I find myself in a situation where I have inherited the db and people complain about database performance. I identified about a dozend of tables not having a clustered index or a not carefully planned clustered index, some of them with lots of data and frequently used. I am actually struggeling to figure out the best candidates for implementation of a CI for the heaps. After a lot of reading I am still not sure what to do. I know it depends. So I would like to give one table as a sample and hope to get some suggestions.
The table has 122 Columns. Yes, I know…
It holds about 800 000 rows.
Structure (excerpt):
CREATE TABLE [dbo].[tO](
[ID] [uniqueidentifier] NOT NULL,
[MaID] [uniqueidentifier] NULL,
[OrID] [uniqueidentifier] NOT NULL,
[UsID] [uniqueidentifier] NOT NULL,
[CrUsID] [uniqueidentifier] NOT NULL,
[SuID] [uniqueidentifier] NULL,
[SOID] [uniqueidentifier] NULL,
[DeA1ID] [uniqueidentifier] NULL,
[DeA2ID] [uniqueidentifier] NULL,
[PayID] [uniqueidentifier] NULL,
[MAdID] [uniqueidentifier] NULL,
[ShID] [uniqueidentifier] NULL,
[SessID] [varchar](32) NULL,
[OrUID] [uniqueidentifier] NULL,
[PurOfUID] [uniqueidentifier] NULL,
[AddiUID] [uniqueidentifier] NULL,
[SupUID] [uniqueidentifier] NULL,
[PayTID] [uniqueidentifier] NULL,
[OPSID] [uniqueidentifier] NULL,
[StoRSID] [uniqueidentifier] NULL,
[PayMeID] [uniqueidentifier] NULL,
...
[OrderDate] [datetime] NULL,
[CreateDate] [datetime] NOT NULL,
[UpdateDate] [datetime] NULL,
[RowVersion] [timestamp] NOT NULL,
[Deleted] bit NOT NULL,
...
[CTR] int itentity(1,1) NOT NULL
CONSTRAINT [PK_Order] PRIMARY KEY NONCLUSTERED <= uses column [ID]

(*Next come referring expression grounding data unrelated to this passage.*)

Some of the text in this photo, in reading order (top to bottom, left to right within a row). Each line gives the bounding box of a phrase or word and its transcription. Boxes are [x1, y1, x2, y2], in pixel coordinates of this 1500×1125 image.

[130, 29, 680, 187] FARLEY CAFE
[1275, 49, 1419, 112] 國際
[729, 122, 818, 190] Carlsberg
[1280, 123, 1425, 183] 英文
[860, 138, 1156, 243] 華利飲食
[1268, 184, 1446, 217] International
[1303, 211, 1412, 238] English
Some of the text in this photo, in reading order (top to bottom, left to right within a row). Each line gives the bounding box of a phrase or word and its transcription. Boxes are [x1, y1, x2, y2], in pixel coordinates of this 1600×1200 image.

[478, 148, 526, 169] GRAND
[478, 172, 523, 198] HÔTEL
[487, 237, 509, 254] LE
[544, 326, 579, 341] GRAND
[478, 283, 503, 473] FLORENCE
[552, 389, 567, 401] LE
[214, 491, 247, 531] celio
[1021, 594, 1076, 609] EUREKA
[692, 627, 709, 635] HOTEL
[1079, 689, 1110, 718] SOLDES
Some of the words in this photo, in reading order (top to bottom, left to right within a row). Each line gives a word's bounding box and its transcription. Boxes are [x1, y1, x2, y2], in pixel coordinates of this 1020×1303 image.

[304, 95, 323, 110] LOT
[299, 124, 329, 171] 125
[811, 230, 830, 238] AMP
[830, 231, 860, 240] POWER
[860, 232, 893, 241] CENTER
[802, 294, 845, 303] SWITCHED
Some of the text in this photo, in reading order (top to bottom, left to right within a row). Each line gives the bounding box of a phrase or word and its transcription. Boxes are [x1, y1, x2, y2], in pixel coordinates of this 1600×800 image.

On this table exist 29 nonclustered indexes. I guess some of them have been created just in dispair…
I know that the design of this and other tables is not very well. It is way to wide and should be splitted. This is on my list.
The queries almost always filter on th column [OrID]. This column is not unique (highest no of rows with one single OrID is > 310 000).
All queries filter on DELETED = 0.
Also they are filtered on different numeric columns.
Joins are performed on the different uid columns.
The table holds FKs, also on the uid columns and has either parent tables, that are joined on one of the uid's and child tables that are joined using the PK [id].
After trying some of the traced user queries on this table I see that they usually filter one row and this is not performing very bad at all. Looking at the execution plans I see that one of the non clustered indexes is usually seeked, then a RID Lookup is performed. This costs about 30% – 70% of the query.
So I guess it could perform better. Also, having a clustered index in place, I assume several nonclustered indexes could be removed.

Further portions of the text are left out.